Dataset entries
===============

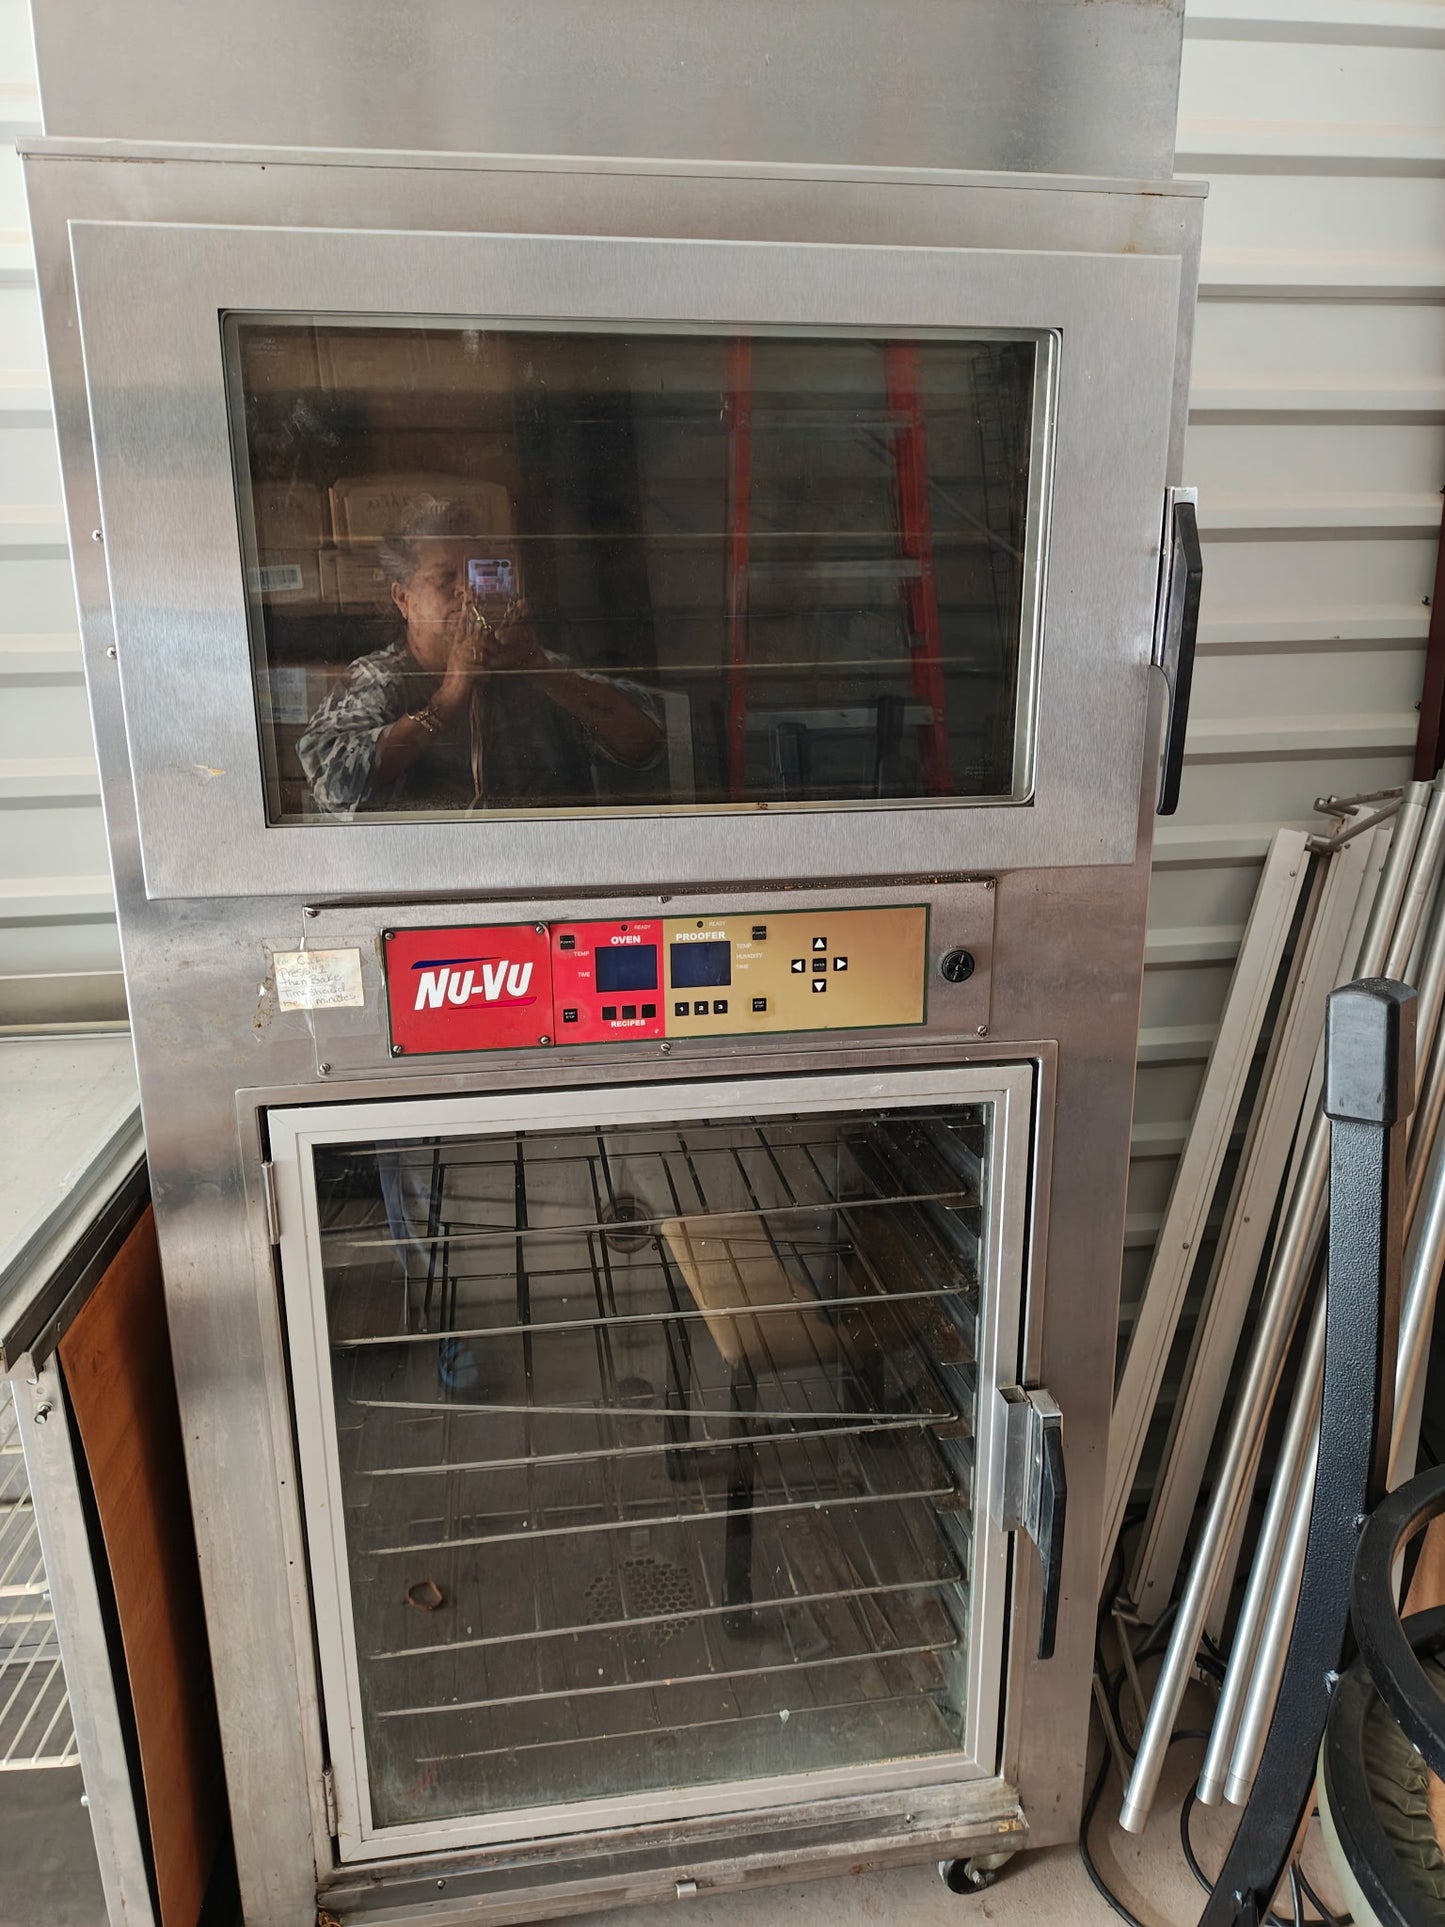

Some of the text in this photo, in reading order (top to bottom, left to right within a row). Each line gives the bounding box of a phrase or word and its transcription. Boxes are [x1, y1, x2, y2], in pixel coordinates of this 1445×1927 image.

[611, 935, 641, 944] OVEN
[675, 931, 726, 941] PROOFER
[309, 973, 342, 985] Bake
[611, 1020, 646, 1028] RECIPES

===============

Apart from the pictures, all of the data must be duplicated exactly as shown above.

• WRITTEN REPLY
Some of the text in this photo, in reading order (top to bottom, left to right within a row). Each line gives the bounding box of a phrase or word and its transcription. Boxes are [x1, y1, x2, y2], in pixel coordinates of this 1445×1927 image.

[611, 935, 641, 944] OVEN
[675, 931, 726, 941] PROOFER
[309, 973, 342, 985] Bake
[611, 1020, 646, 1028] RECIPES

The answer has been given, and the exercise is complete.